### [Problem to work on]
Of the lines below, reproduce exactly those from the line containing "Some of the text" to the end, including both the first and the last.

### [Data to examine]
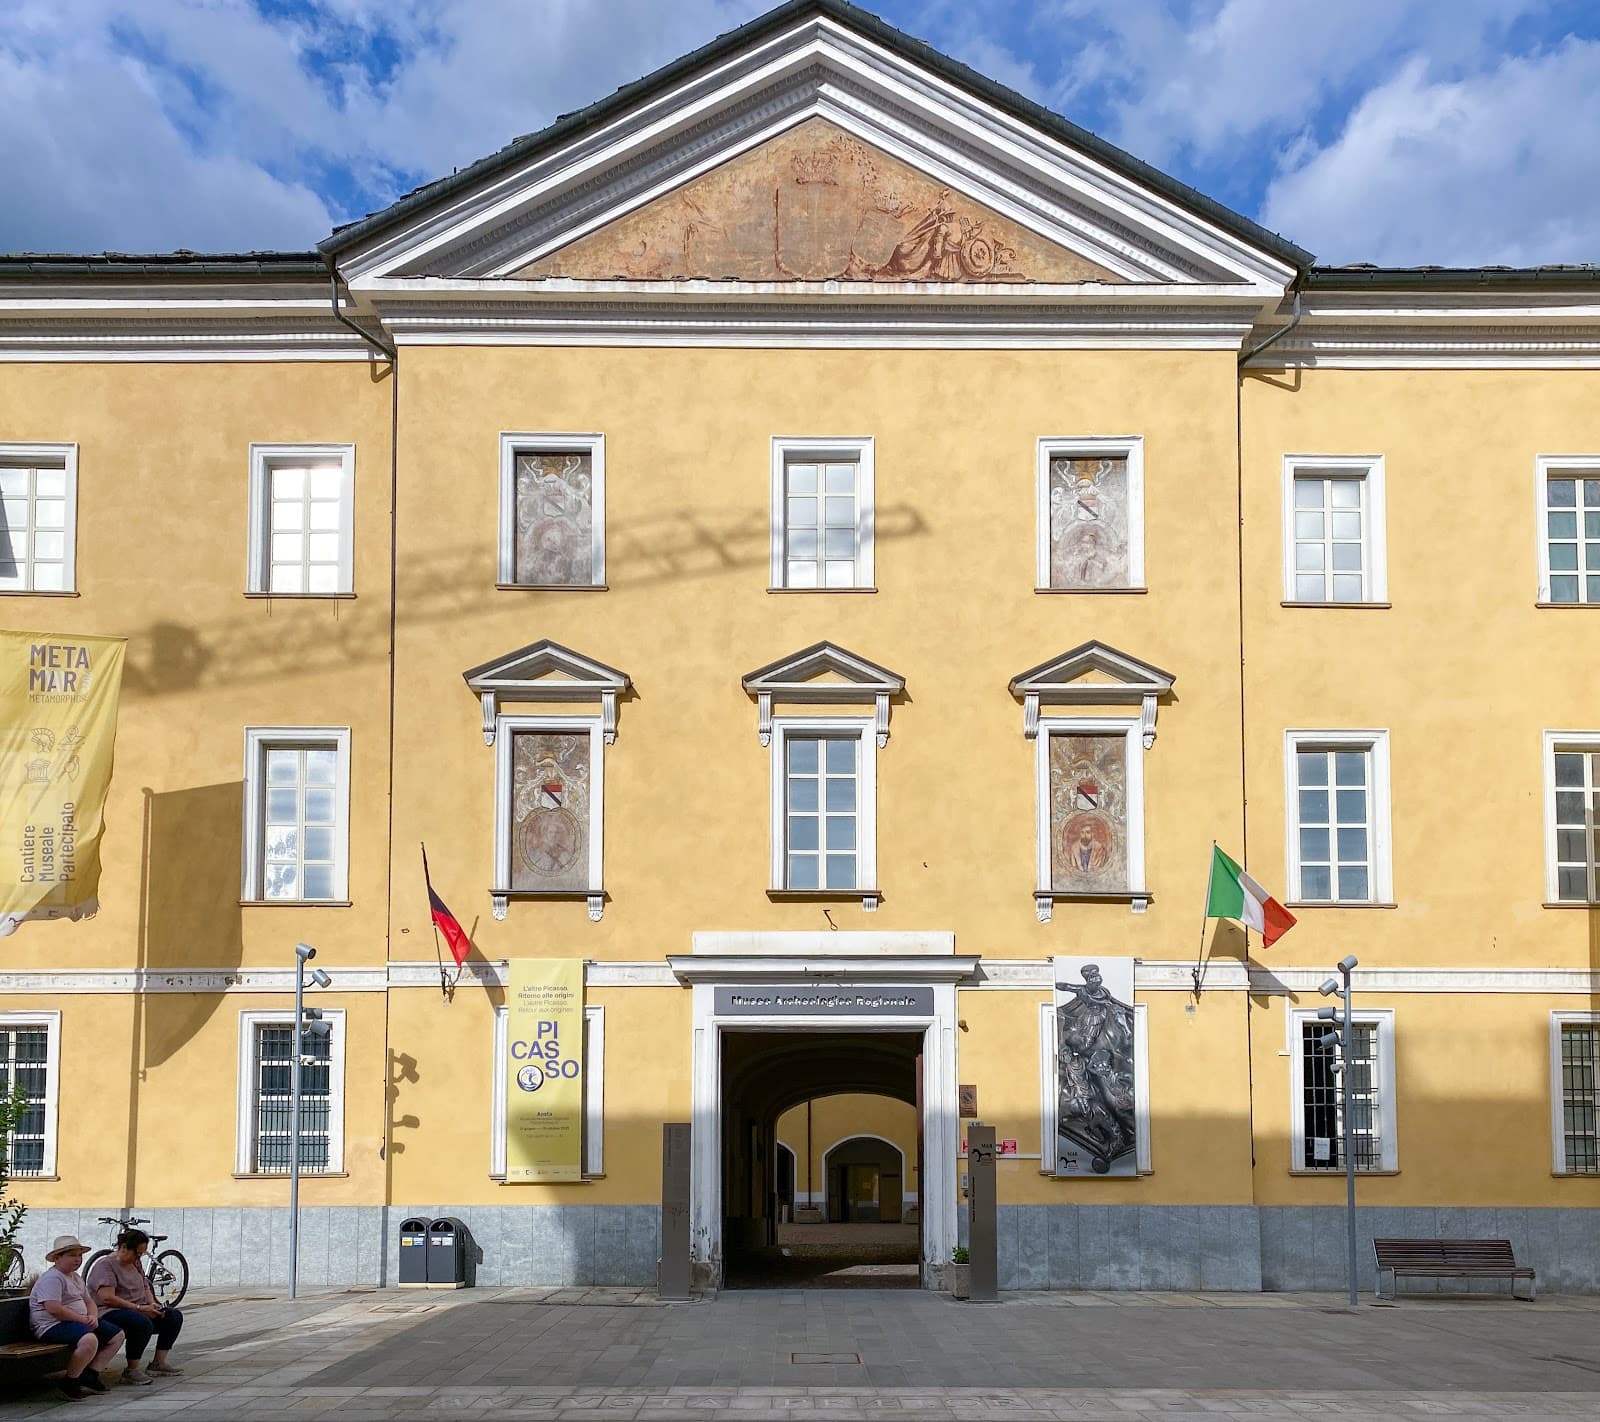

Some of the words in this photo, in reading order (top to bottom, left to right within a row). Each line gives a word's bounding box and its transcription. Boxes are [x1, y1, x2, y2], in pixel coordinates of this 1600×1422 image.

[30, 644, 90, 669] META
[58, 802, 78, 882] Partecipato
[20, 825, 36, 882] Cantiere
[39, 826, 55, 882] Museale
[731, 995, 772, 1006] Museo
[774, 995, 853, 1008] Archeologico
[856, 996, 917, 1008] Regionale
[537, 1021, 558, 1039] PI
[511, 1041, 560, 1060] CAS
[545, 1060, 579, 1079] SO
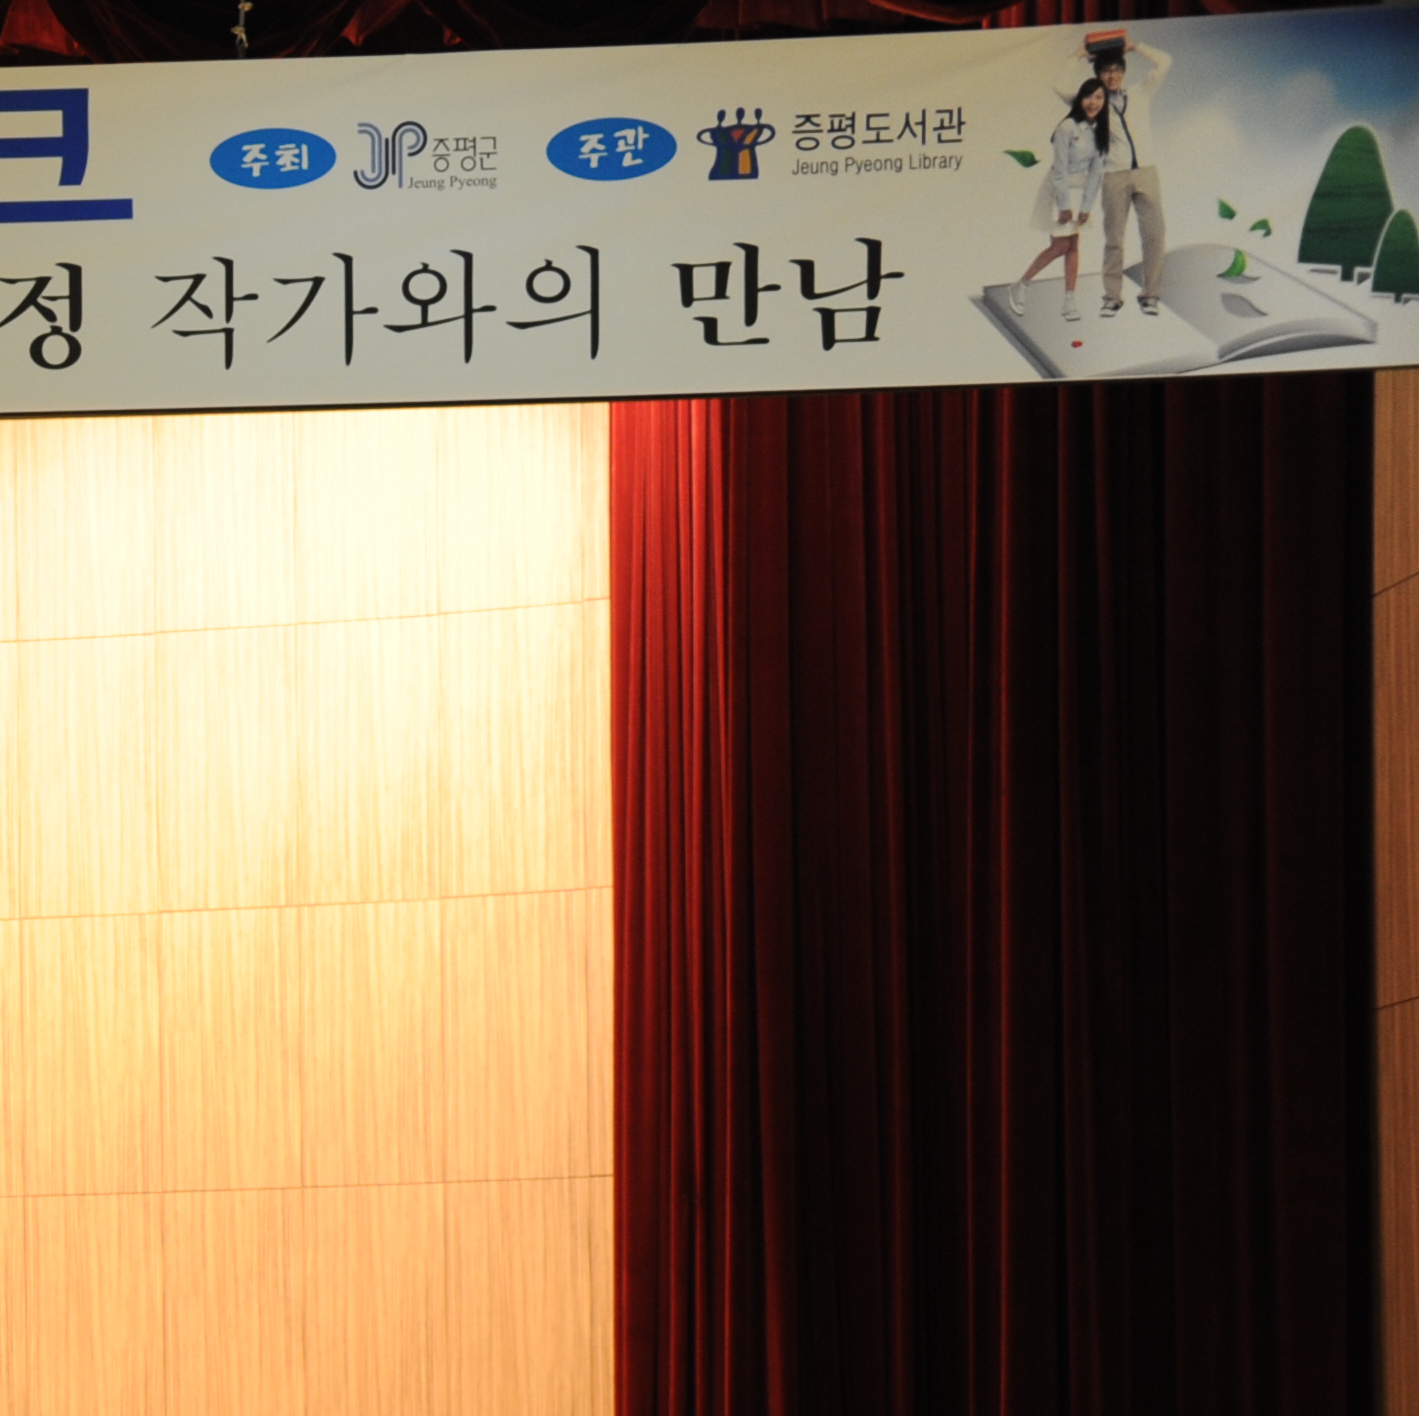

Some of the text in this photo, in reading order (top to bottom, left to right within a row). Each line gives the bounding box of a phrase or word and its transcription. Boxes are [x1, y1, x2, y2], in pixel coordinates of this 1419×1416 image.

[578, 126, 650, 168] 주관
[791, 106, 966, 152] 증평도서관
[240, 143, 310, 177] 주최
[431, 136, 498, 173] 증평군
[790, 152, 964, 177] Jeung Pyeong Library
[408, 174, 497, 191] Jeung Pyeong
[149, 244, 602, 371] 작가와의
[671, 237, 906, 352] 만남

### [Problem solution]
Some of the text in this photo, in reading order (top to bottom, left to right within a row). Each line gives the bounding box of a phrase or word and its transcription. Boxes are [x1, y1, x2, y2], in pixel coordinates of this 1419×1416 image.

[578, 126, 650, 168] 주관
[791, 106, 966, 152] 증평도서관
[240, 143, 310, 177] 주최
[431, 136, 498, 173] 증평군
[790, 152, 964, 177] Jeung Pyeong Library
[408, 174, 497, 191] Jeung Pyeong
[149, 244, 602, 371] 작가와의
[671, 237, 906, 352] 만남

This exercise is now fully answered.